Удушливая идеологическая атмосфера, всё более сгущавшаяся в годы застоя, вызвала стремление многих представителей советской интеллигенции к переоценке прошлого на основе традиционных амальгам, т. е. к воскрешению тезиса «Сталин — продолжатель дела Ленина и Октябрьской революции», но только со знаком минус. Если сталинистская пропаганда представляла дело Ленина и его «продолжение» как непрерывную цепь исторических побед, одержанных в борьбе с «врагами ленинизма», то диссиденты 70—80-х годов и идеологи «третьей русской эмиграции» рассматривали всю советскую историю как непрерывную цепь злодеяний и насилий над народом со стороны большевиков.
Широкому распространению данной исторической версии способствовало творчество А. Солженицына и особенно его художественное исследование «Архипелаг ГУЛАГ». Сам этот жанр, апеллирующий не столько к историческому сознанию, сколько к эмоциям читателя, оперирующий не столько документами, сколько отдельными свидетельствами современников, освобождающий автора от изложения фактов в их реальной исторической последовательности, в сочетании с художественным талантом Солженицына благоприятствовал тому, что эта версия получила признание среди как «правых», так и «левых» кругов советской интеллигенции. Сохранение в официальной историографии множества «белых пятен» и фальсификаторских клише способствовало тому, что концепция Солженицына, показавшаяся многим убедительным прочтением советской истории, выплеснувшись в конце 80-х годов на страницы нашей печати, стала преобладающей и агрессивно непримиримой по отношению ко всем иным взглядам на послеоктябрьскую историю.
Краткий период апологетики нэпа и так называемой «бухаринской альтернативы» начал сменяться возрождением давнего мифа о сталинской модели социализма как единственно возможной форме реализации марксистского учения. Место критики сталинизма заняла критика марксизма и большевизма, на которые была возложена вина за все потрясения и трудности, пережитые нашей страной, начиная с 1917 года и вплоть до нынешнего всеобъемлющего экономического и политического кризиса. Год от года нарастает вал статей, в которых корни и истоки сталинизма отыскиваются в «доктринальных предпосылках» марксизма, в идеологии и политике революционного большевизма, наконец, в якобы изначальной ущербности социалистической идеи. Причём в поддержку данной исторической версии не выдвигается никаких новых фактов, аргументов, вообще доказательств. Да и сама она представляет не итог новых исторических изысканий, а перепев основных идей белоэмигрантской и вообще антикоммунистической публицистики.
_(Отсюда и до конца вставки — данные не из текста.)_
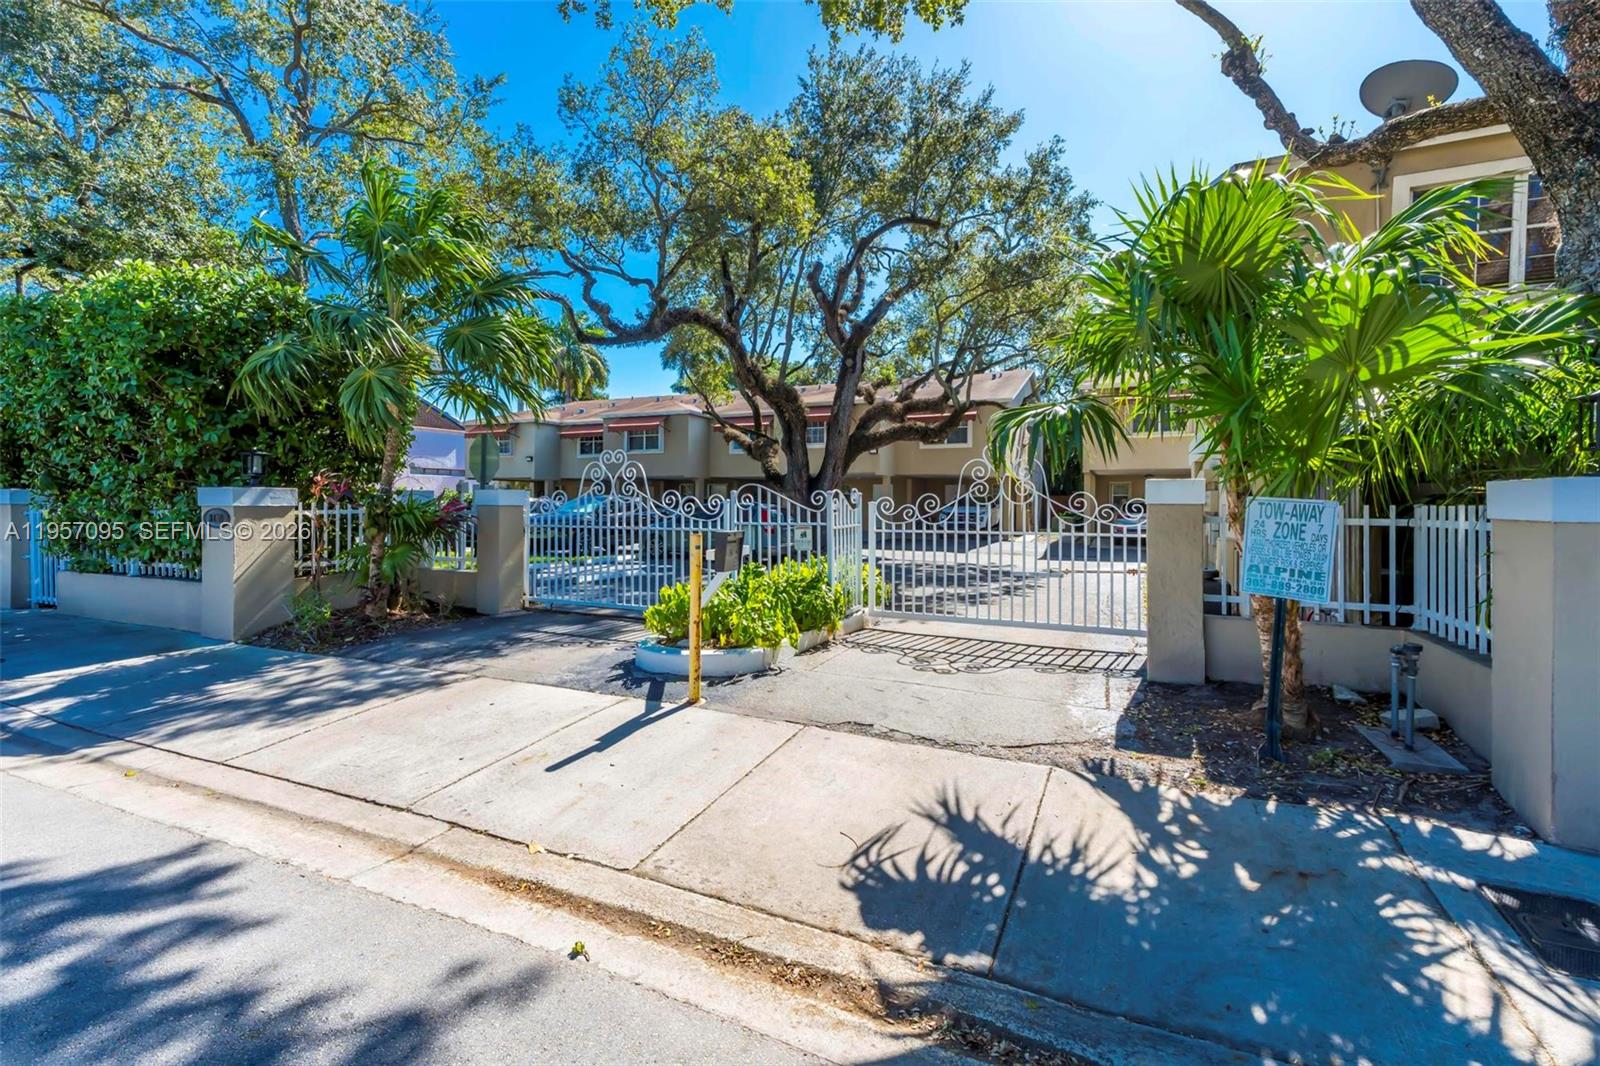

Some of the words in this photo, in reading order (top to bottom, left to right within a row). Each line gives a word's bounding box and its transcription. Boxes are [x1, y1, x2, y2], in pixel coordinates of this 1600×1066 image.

Данная версия основана на традиционной антикоммунистической концепции о «непрерывности» исторического развития после Октября 1917 года, на изображении в качестве последовательных звеньев единой исторической цепи таких глубоко разнородных по своей социально-политической сути явлений, как Октябрьская революция и гражданская война, с одной стороны, насильственная коллективизация и массовая депортация крестьян, с другой, фальсифицированные судебные процессы и государственный террор второй половины 30-х — начала 50-х годов, с третьей. При такой трактовке сбрасываются со счётов важнейшие исторические обстоятельства, разрушающие эту внешне стройную схему. Октябрьская революция и гражданская война представляли собой вооружённую борьбу народа, в своей массе поддержавшего большевиков, против коалиции сил отечественной контрреволюционной реставрации и иностранной интервенции. Коллективизация сопровождалась многочисленными вооружёнными выступлениями крестьян, грозившими перерасти в «русскую Вандею» (это, разумеется, не снимает исторической ответственности с организаторов насильственной коллективизации и свирепых мер, осуществлявшихся под лозунгом «ликвидации кулачества как класса»). Государственный террор второй половины 30 — начала 50-х годов был направлен против миллионов безоружных людей и осуществлялся инквизиторскими методами фабрикации несуществующих «дел» и выбивания под пытками «признаний» в совершении преступлений.